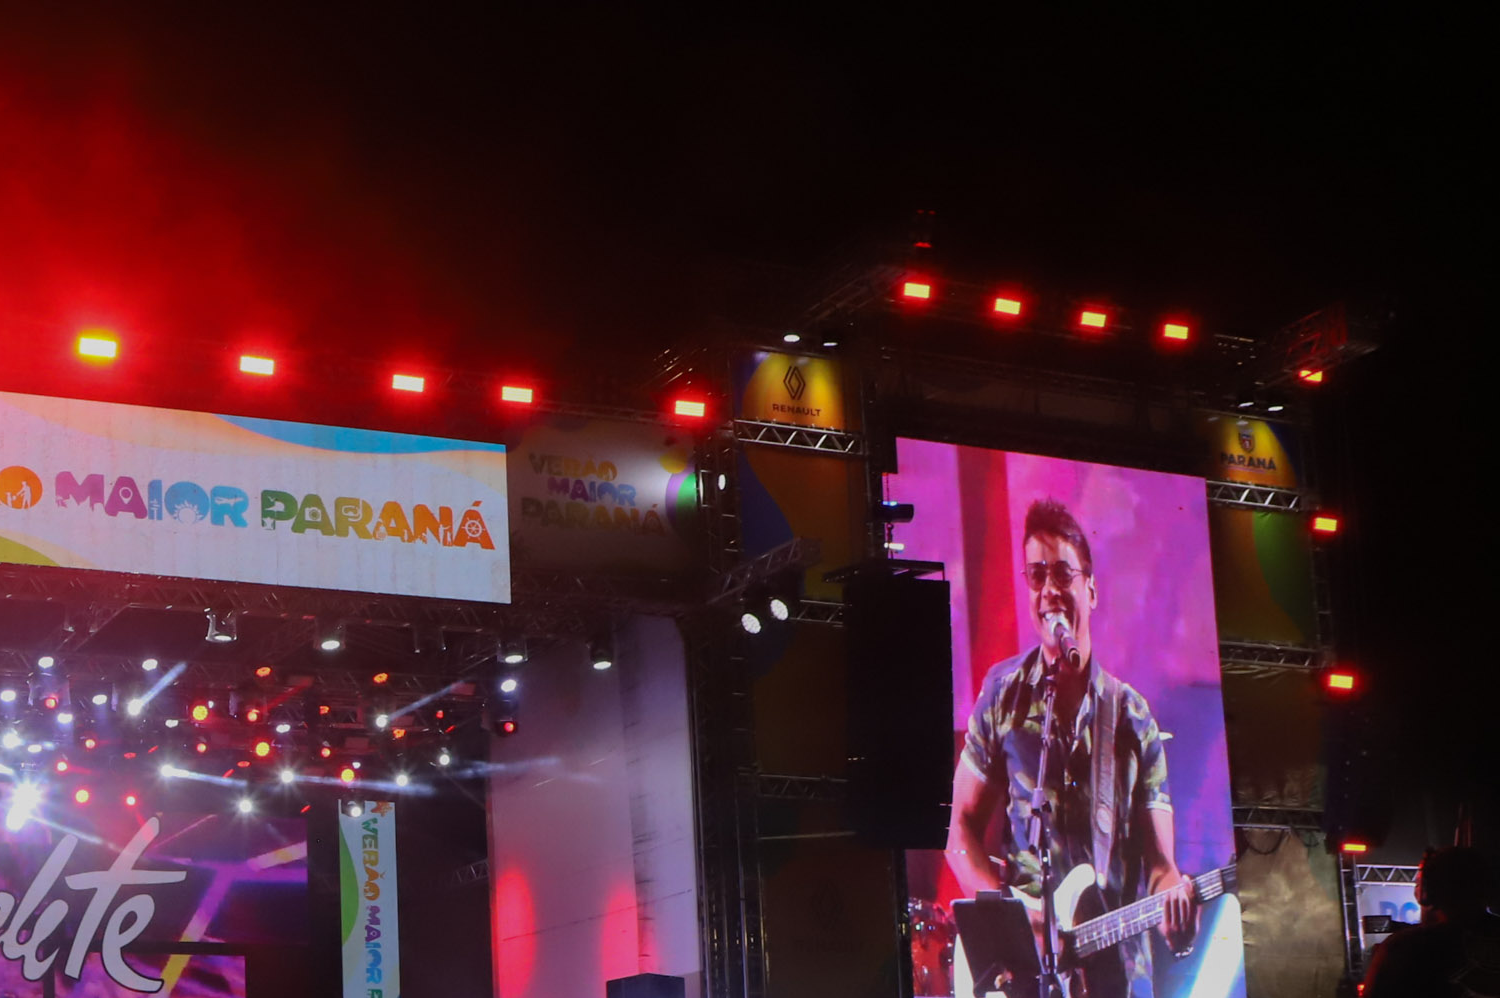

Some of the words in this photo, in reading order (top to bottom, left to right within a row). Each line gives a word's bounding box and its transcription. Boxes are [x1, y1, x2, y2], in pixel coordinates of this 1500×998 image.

[772, 403, 822, 418] RENAULT
[1220, 452, 1277, 471] PARANÁ
[54, 470, 250, 530] MAIOR
[260, 489, 496, 551] PARANÁ
[547, 477, 637, 508] MAIOR
[361, 816, 386, 901] VERÃO
[364, 904, 384, 985] MAIOR
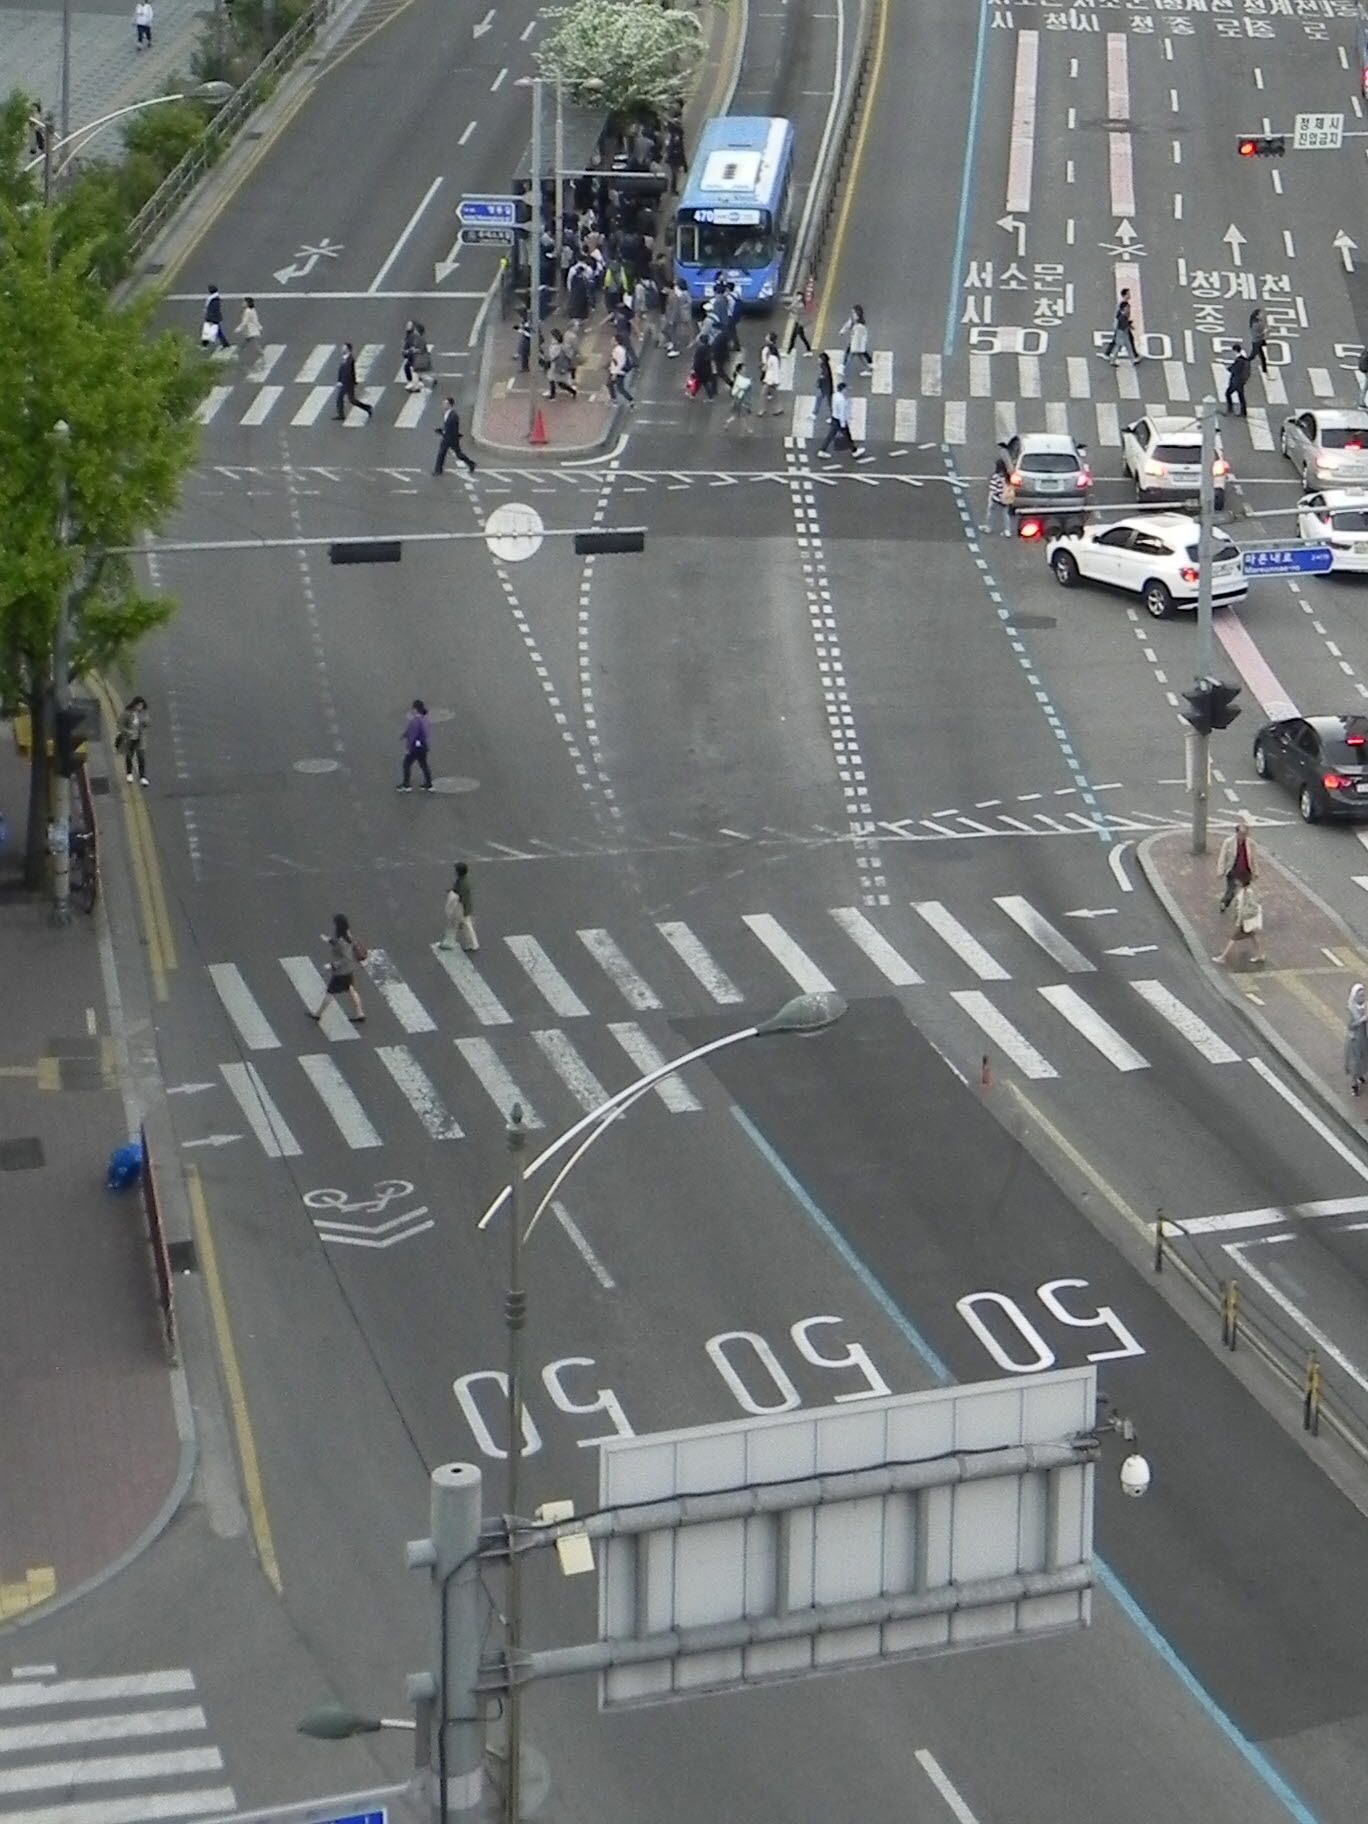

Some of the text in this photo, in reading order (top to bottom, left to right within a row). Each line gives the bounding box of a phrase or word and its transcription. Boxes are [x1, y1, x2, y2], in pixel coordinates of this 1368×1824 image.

[1298, 132, 1338, 146] 진입금지
[693, 210, 715, 223] 470
[964, 262, 1064, 292] 서소문
[1190, 270, 1293, 302] 청계천
[969, 327, 1049, 357] 50
[1212, 336, 1293, 366] 50
[1244, 552, 1293, 565] 마른내로
[955, 1277, 1146, 1373] 50
[705, 1314, 893, 1416] 50
[452, 1356, 637, 1460] 50
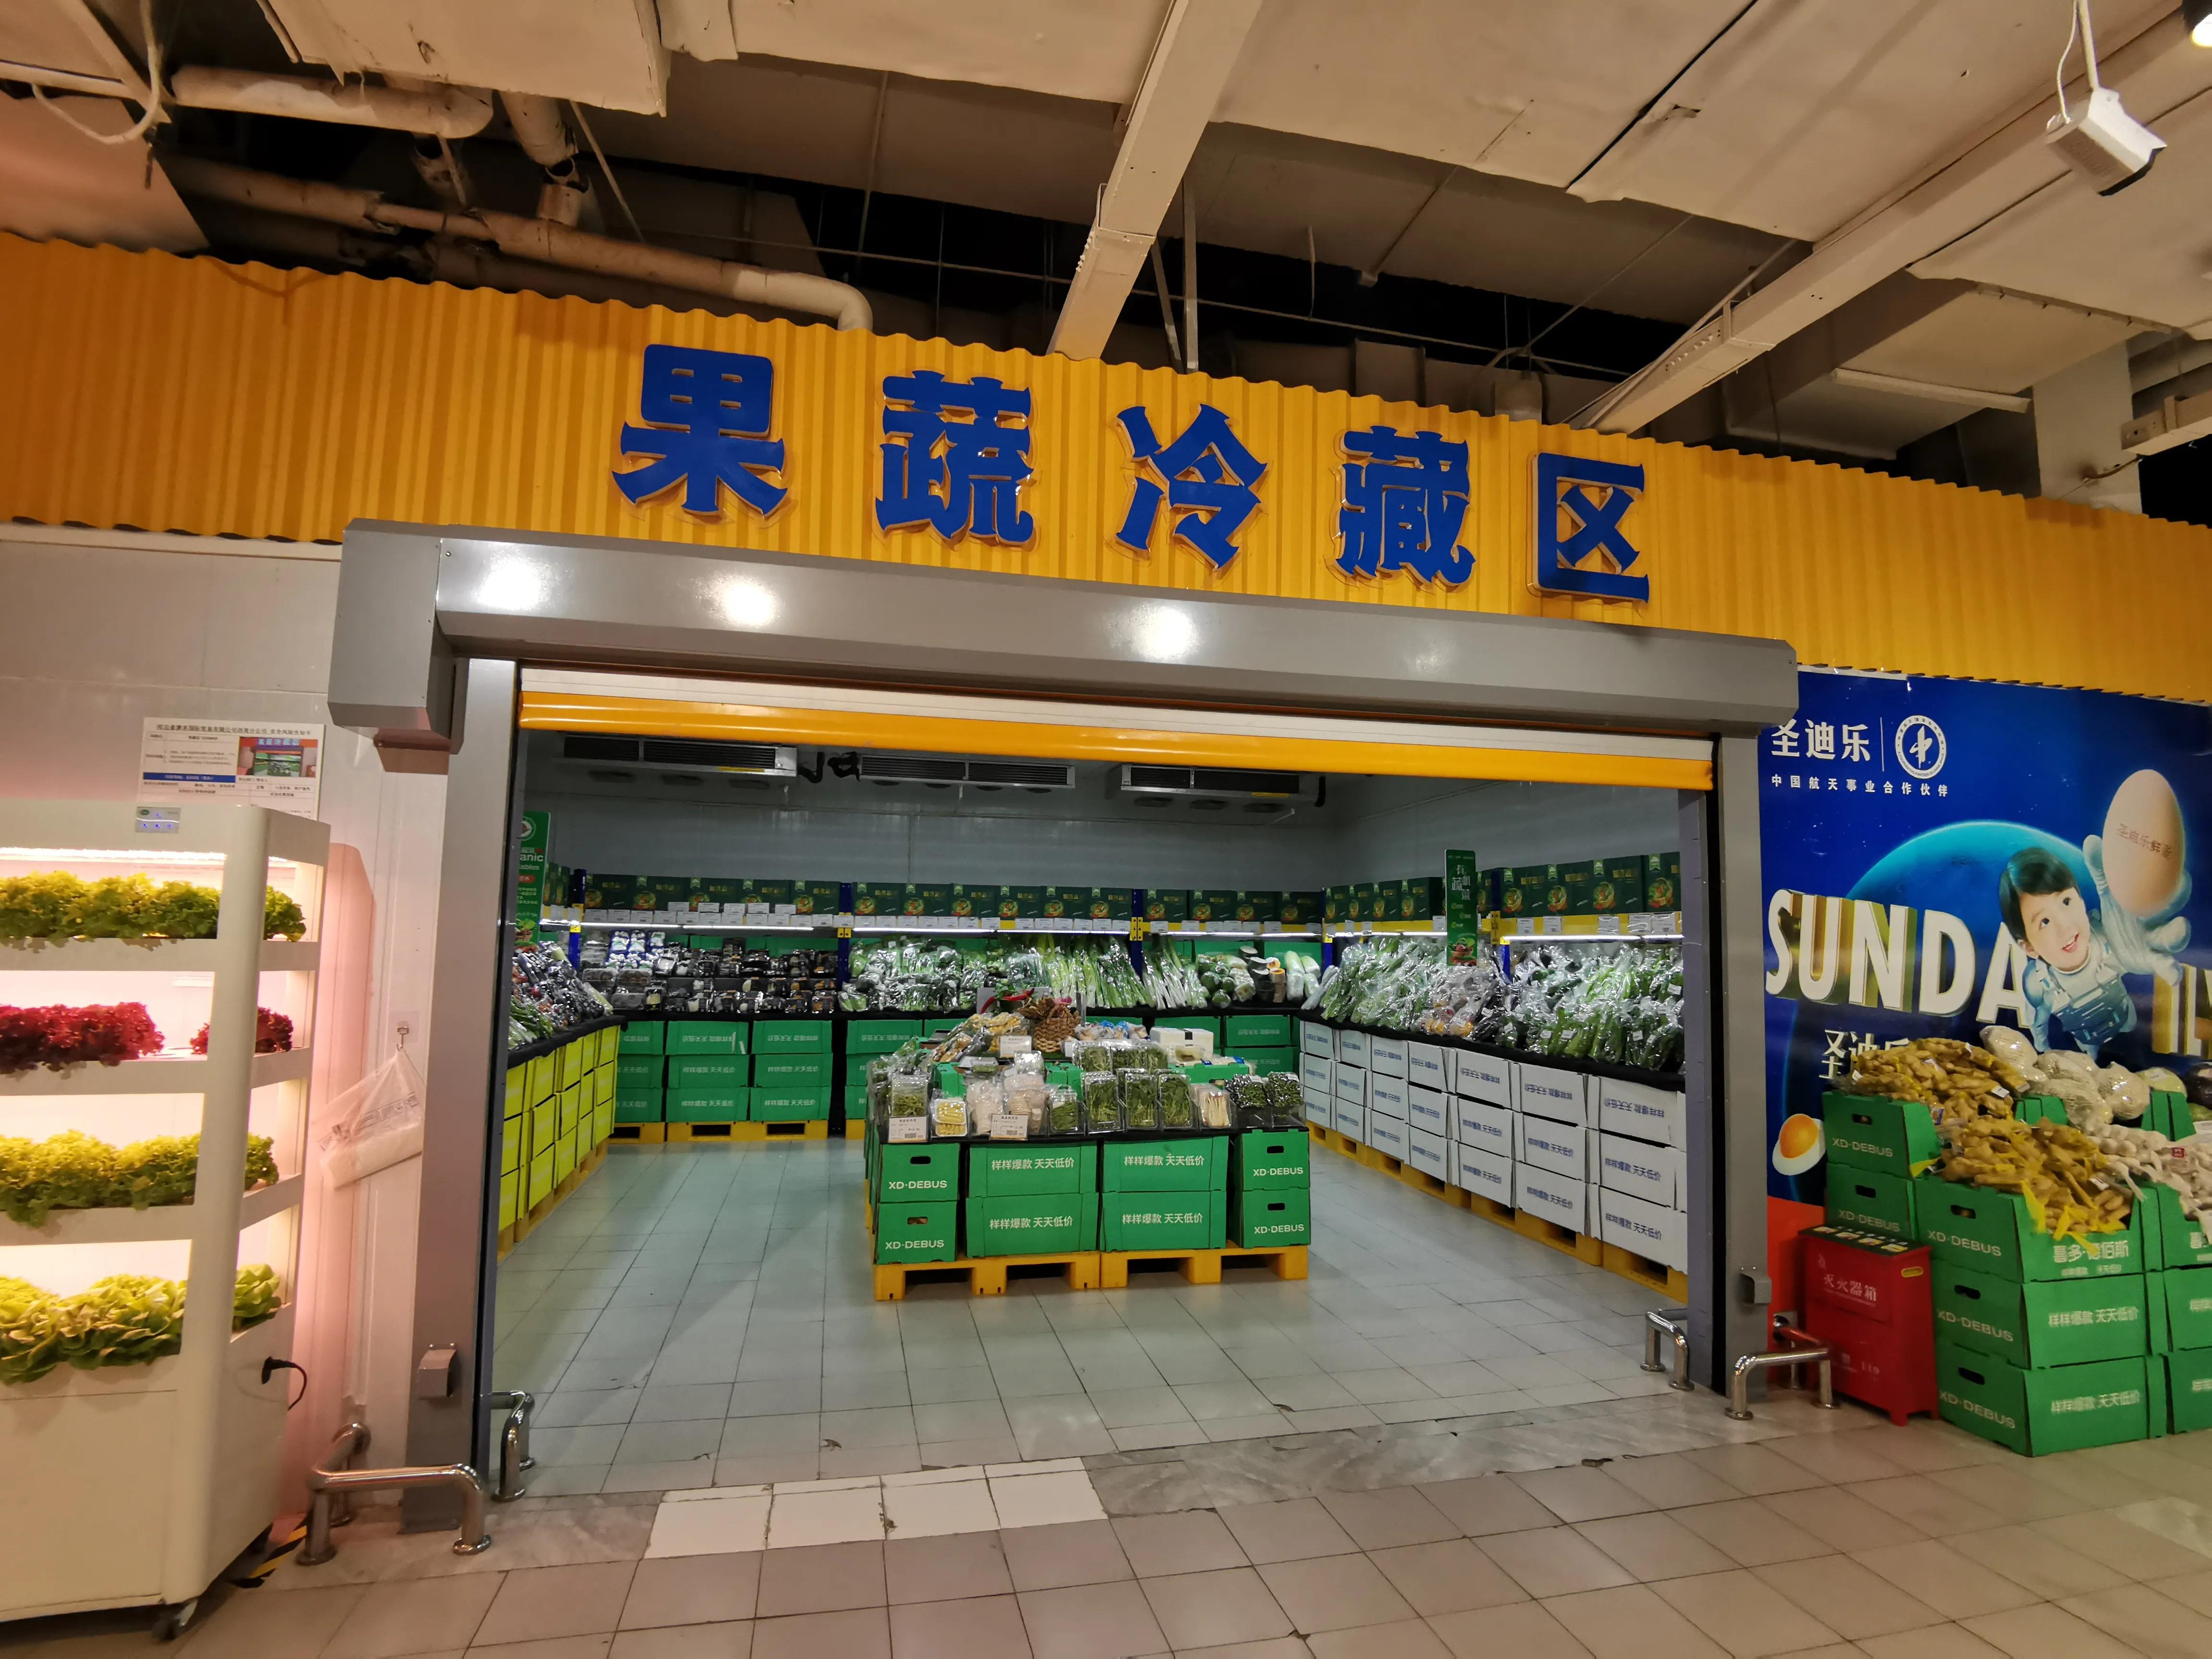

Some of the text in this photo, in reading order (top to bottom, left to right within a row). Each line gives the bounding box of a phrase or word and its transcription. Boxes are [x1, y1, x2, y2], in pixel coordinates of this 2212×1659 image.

[612, 343, 1651, 605] 果蔬冷藏区
[1771, 719, 1870, 762] 圣迪乐
[1771, 774, 1948, 797] 中国航天事业合作伙伴
[520, 853, 544, 862] anic
[991, 1156, 1075, 1171] 样样爆款 天天低价
[1124, 1154, 1205, 1166] 样样爆款 天天低价
[989, 1215, 1073, 1230] 样样爆款 天天低价
[1122, 1212, 1203, 1225] 样样爆款 天天低价
[1824, 1274, 1876, 1301] 灭火器箱

*Task*. Exactly as given, set down each line of the material, but include no pictures.

*Task response*.
Some of the words in this photo, in reading order (top to bottom, left to right within a row). Each line gives a word's bounding box and its transcription. Boxes are [x1, y1, x2, y2], in pixel coordinates of this 1500×998 image.

[772, 403, 822, 418] RENAULT
[1220, 452, 1277, 471] PARANÁ
[54, 470, 250, 530] MAIOR
[260, 489, 496, 551] PARANÁ
[547, 477, 637, 508] MAIOR
[361, 816, 386, 901] VERÃO
[364, 904, 384, 985] MAIOR

Some of the text in this photo, in reading order (top to bottom, left to right within a row). Each line gives the bounding box of a phrase or word and its transcription. Boxes are [x1, y1, x2, y2], in pixel coordinates of this 1368×1824 image.

[1298, 132, 1338, 146] 진입금지
[693, 210, 715, 223] 470
[964, 262, 1064, 292] 서소문
[1190, 270, 1293, 302] 청계천
[969, 327, 1049, 357] 50
[1212, 336, 1293, 366] 50
[1244, 552, 1293, 565] 마른내로
[955, 1277, 1146, 1373] 50
[705, 1314, 893, 1416] 50
[452, 1356, 637, 1460] 50

Some of the text in this photo, in reading order (top to bottom, left to right within a row). Each line gives the bounding box of a phrase or word and its transcription. Boxes are [x1, y1, x2, y2], in pixel coordinates of this 2212×1659 image.

[612, 343, 1651, 605] 果蔬冷藏区
[1771, 719, 1870, 762] 圣迪乐
[1771, 774, 1948, 797] 中国航天事业合作伙伴
[520, 853, 544, 862] anic
[991, 1156, 1075, 1171] 样样爆款 天天低价
[1124, 1154, 1205, 1166] 样样爆款 天天低价
[989, 1215, 1073, 1230] 样样爆款 天天低价
[1122, 1212, 1203, 1225] 样样爆款 天天低价
[1824, 1274, 1876, 1301] 灭火器箱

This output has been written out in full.